Trōv is another on-demand insurer that has launched on a pilot basis in Australia, and is hoping to roll out in the US this year. Trōv insures your stuff: phones, computers, instruments, bicycles, and more. You swipe the app to turn on coverage, you swipe the app again to turn off your coverage. The idea is that you can insure your laptop against damage while you’re traveling, or your bicycle against being stolen when you’re in class, but suspend the coverage during periods of low to no perceived risk.
The concept is nifty. It is insurance based on real-time data collection and a snappy user interface that makes insurance easy and even fun for consumers. When you consider the amount of blanket protection you can get for all of your stuff all the time for just $20-30 a month from a traditional insurance provider, though, the niftiness wears a little thin. You can buy item-specific insurance plans for cheap from a number of companies, too, and never have to wonder if you turned your policy on before you started frying bacon near your Stradivarius. So I’m still a touch skeptical.
Will this appeal to Millennial buyers who only own one or two things of value (not including their manbuns and their baseless feelings of pride and accomplishment)? Sure it will. It’s an insurance app, and that makes it totally different from the boring old insurance offered by boring old insurers. In feel, anyway.
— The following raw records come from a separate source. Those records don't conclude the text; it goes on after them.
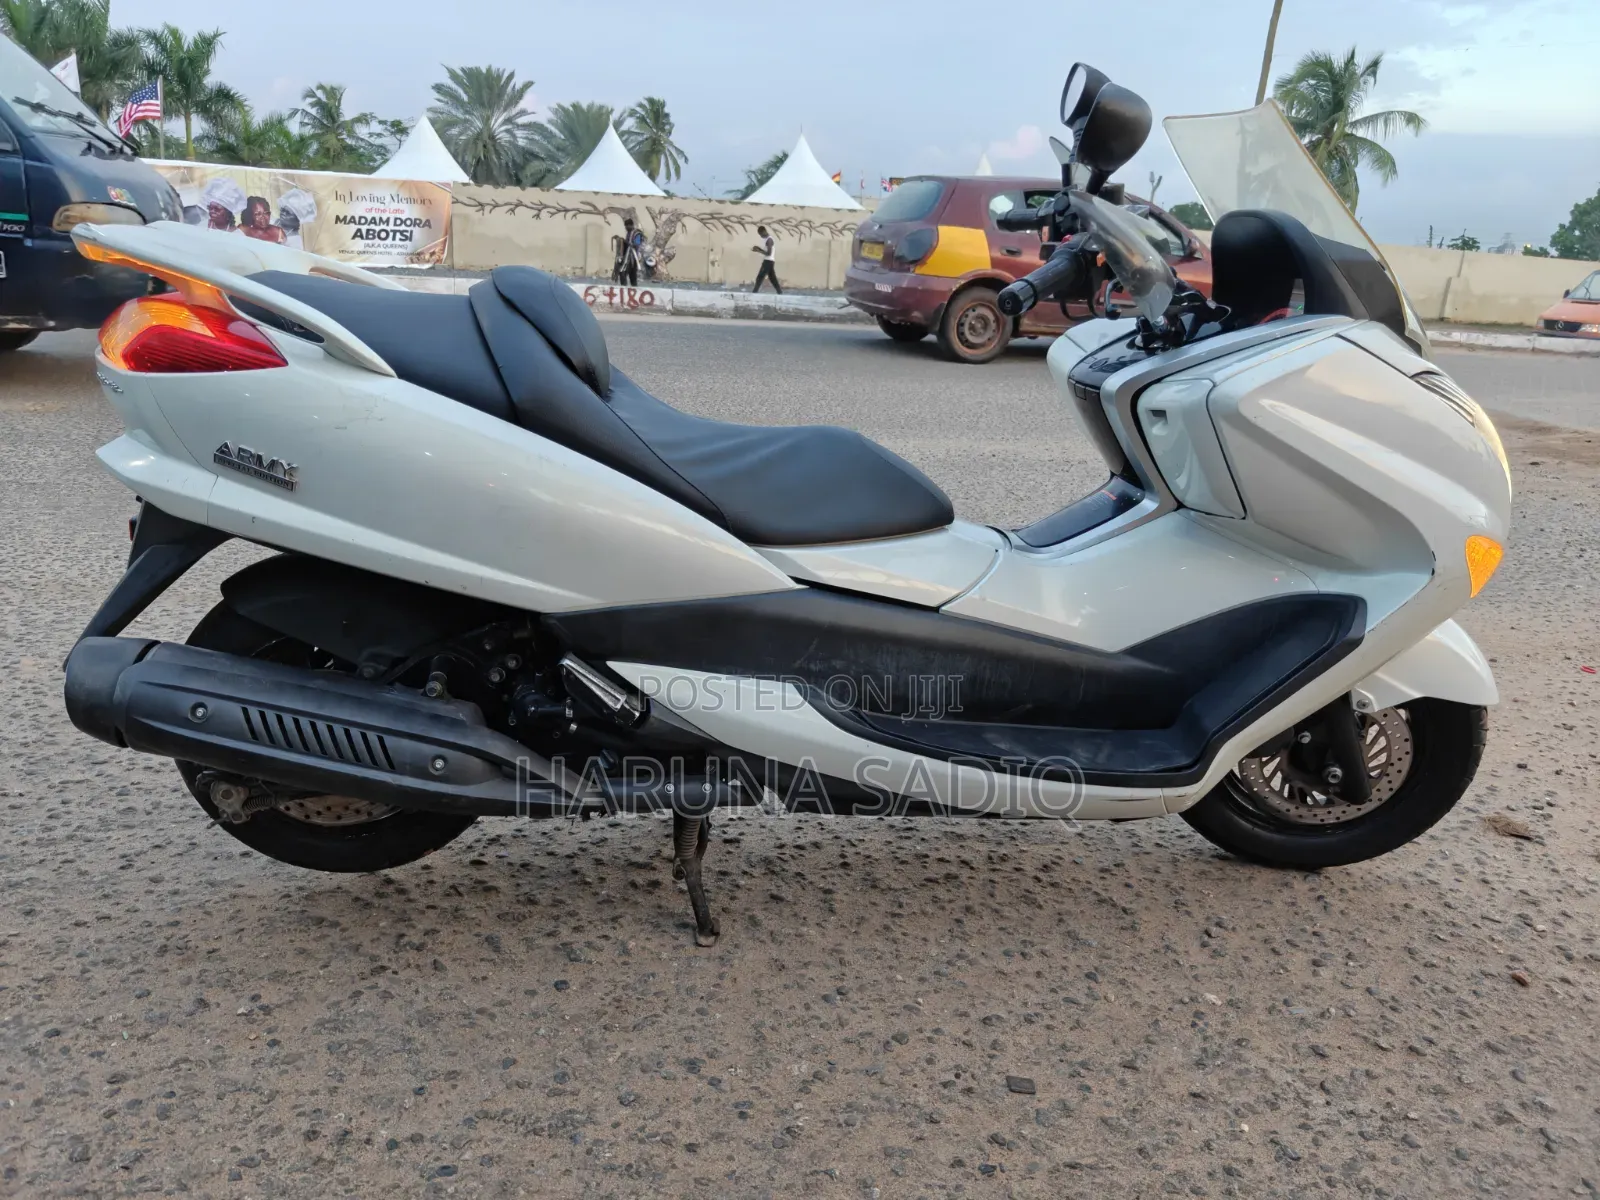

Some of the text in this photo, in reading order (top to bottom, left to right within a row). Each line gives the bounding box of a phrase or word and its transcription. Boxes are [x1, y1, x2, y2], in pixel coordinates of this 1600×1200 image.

[335, 189, 433, 206] In Loving Memory
[334, 214, 433, 230] MADAM DORA
[350, 228, 414, 243] ABOTSI
[215, 440, 299, 480] ARMY
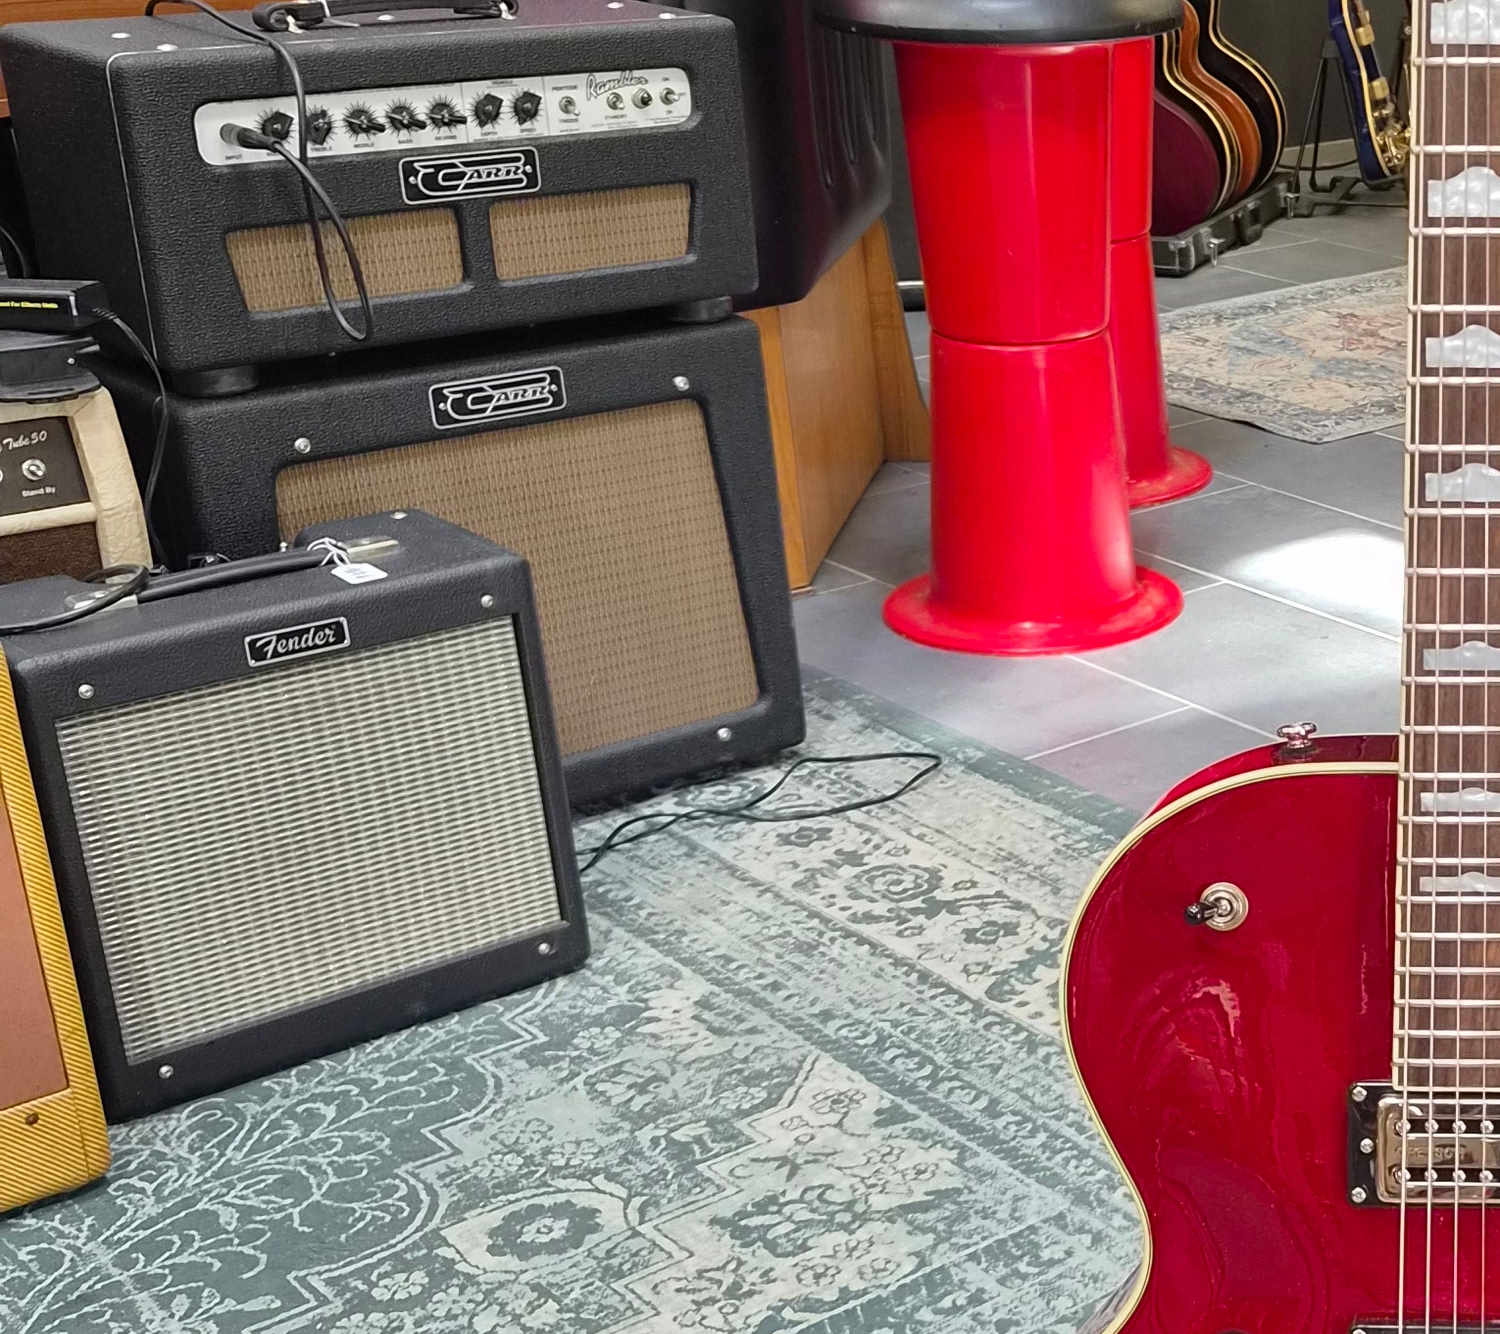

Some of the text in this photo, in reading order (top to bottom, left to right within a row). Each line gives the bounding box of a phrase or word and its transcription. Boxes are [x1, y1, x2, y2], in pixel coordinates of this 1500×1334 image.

[586, 70, 649, 101] Rambler
[413, 153, 528, 196] CARR
[443, 373, 554, 420] CARR
[255, 627, 336, 659] Fender
In terms of financial benefits to consumers and threat to existing Insurance of Things providers, we’ll have to wait and see how disruptive Trōv can be.
Small Change vs Big Money
Regardless of their individual success, Trōv and Slice’s data-based disruptions are shining a light on how the insurance industry can make the most of modern tech, even if it won’t allow them to change the fundamentals of how the industry turns a profit. Data collection and analysis tools are more prevalent, accurate, comprehensive, and powerful than ever before. No one can make better use of that kind of power than insurers. Their profits depend, directly and mathematically, on their ability to assess risks and assign them a monetary value. They’re gathering data on a magnitude they’ve never seen before, and in the long run, that will strengthen their game.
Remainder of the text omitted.